The need to match area frame reporting units with the list frame requires taking extreme care when recording names and addresses, to avoid errors. A misspelled name may result in an area reporting unit being assigned to the wrong name, or require a follow-up interview.
Non-response is especially acute when used in a multiple frame design, especially for the area frame. Because the area frame tract or area surrounding a data point can be observed and measured, the results for non-response are robust. However, in multiple frame design, it is essential that a name be associated with the area tract. The difficulty of assigning names where there is non-response is a major source of non-sampling error in multiple frame sample surveys. A list and area multiple frame sampling design should yield more efficient and robust estimators than use of an area frame alone. If the list frame is not constructed carefully or is not updated, outliers can occur if rare or large farms are missing from the list and appear in the area non-overlap domain. If the large farms were on the list frame,
its design-based expansion factor would be very small; however, a large expansion factor would arise in the area frame’s non-overlap domain.
A common problem is the temptation to make the list as large as possible to avoid the occurrence of outliers. However, the larger the list, the more subject it is to duplication. The smaller the list, the easier it is to avoid duplication and to determine the non-overlap domain.
Another common problem is the temptation to add names found in the area frame survey to the list frame. These additions introduce a downward bias, because the estimation probabilities have been changed (reduced) when added to the list.

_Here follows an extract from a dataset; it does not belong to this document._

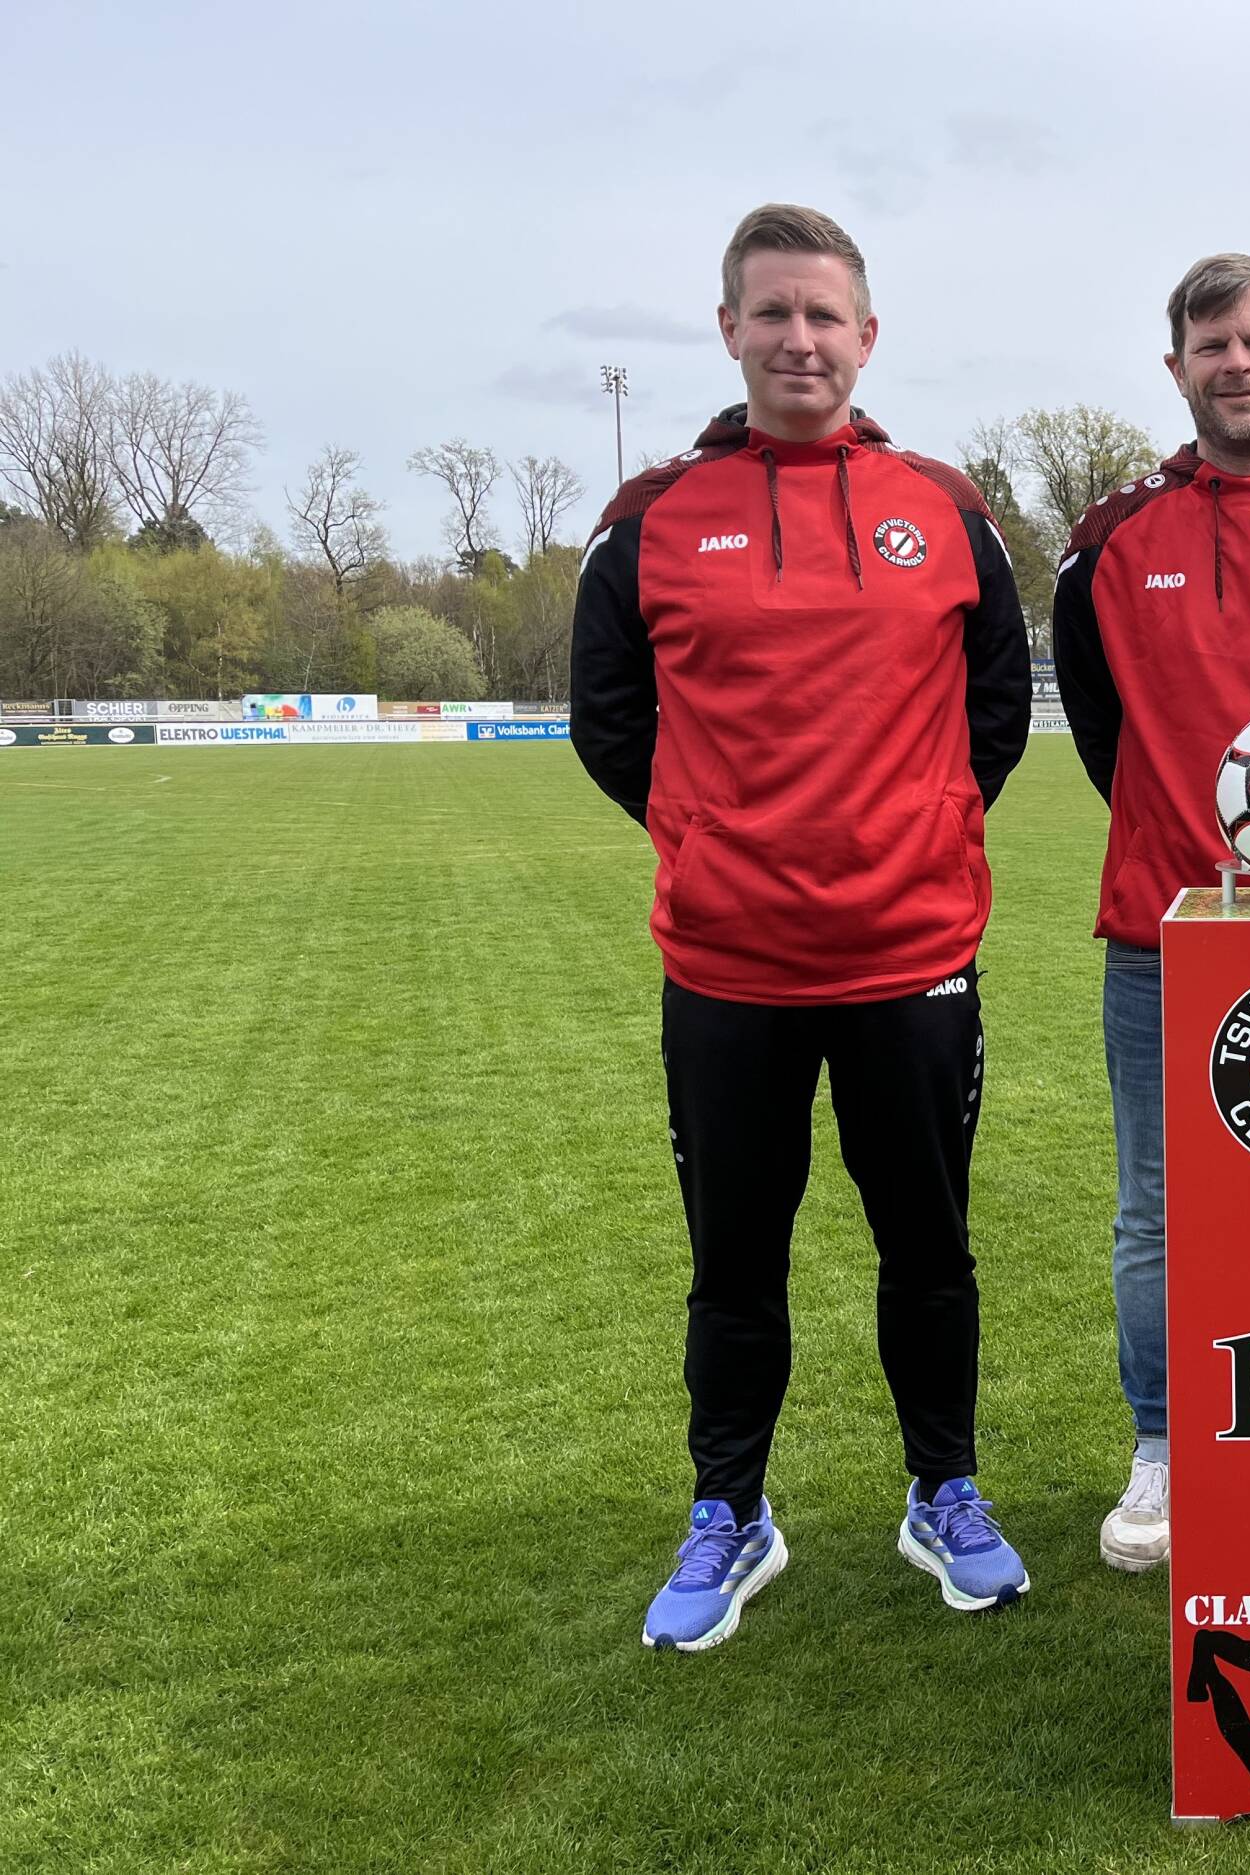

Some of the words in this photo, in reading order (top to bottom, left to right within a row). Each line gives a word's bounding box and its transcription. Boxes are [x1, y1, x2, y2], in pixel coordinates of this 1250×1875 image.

To determine the domains, it must first be assumed that every farm or household included in the list frame has a chance of being selected in the area frame sample. The area frame sample then includes two domains: those that are not on the list (non-overlap) and those that are on the list (overlap). An essential point is that the identification of the two area frame domains must be based on the area frame sampled units, and not on the entire area frame. As stated before, the area frame sampling unit is land-based. The survey process must associate names of farm operators and/or households with each sampled unit of land. This provides a listing of names associated with the area frame sample that is to be matched with the entire list frame (not the list sample, but the entire list frame). The accuracy of this matching process depends on the quality of the data collection effort from the area frame side, and the quality of the list frame development process. If the name associated with an area frame reporting unit is also on the list frame, then the area frame unit is on the overlap domain. This requires assuming that the name on the list would report for the same unit of land selected in the area frame sample. If the name associated with the area frame reporting unit cannot be found on the list frame, then that area frame reporting unit is in the non-overlap domain. If a name from the area frame does not match a list frame name exactly, but is close, then it may be possible to compare addresses or secondary names associated with the reporting units. In some cases, it may be necessary to return to the area frame reporting unit to obtain additional information to determine the overlap status. This is an exacting process, in which errors in classification add error and/or bias to the estimators.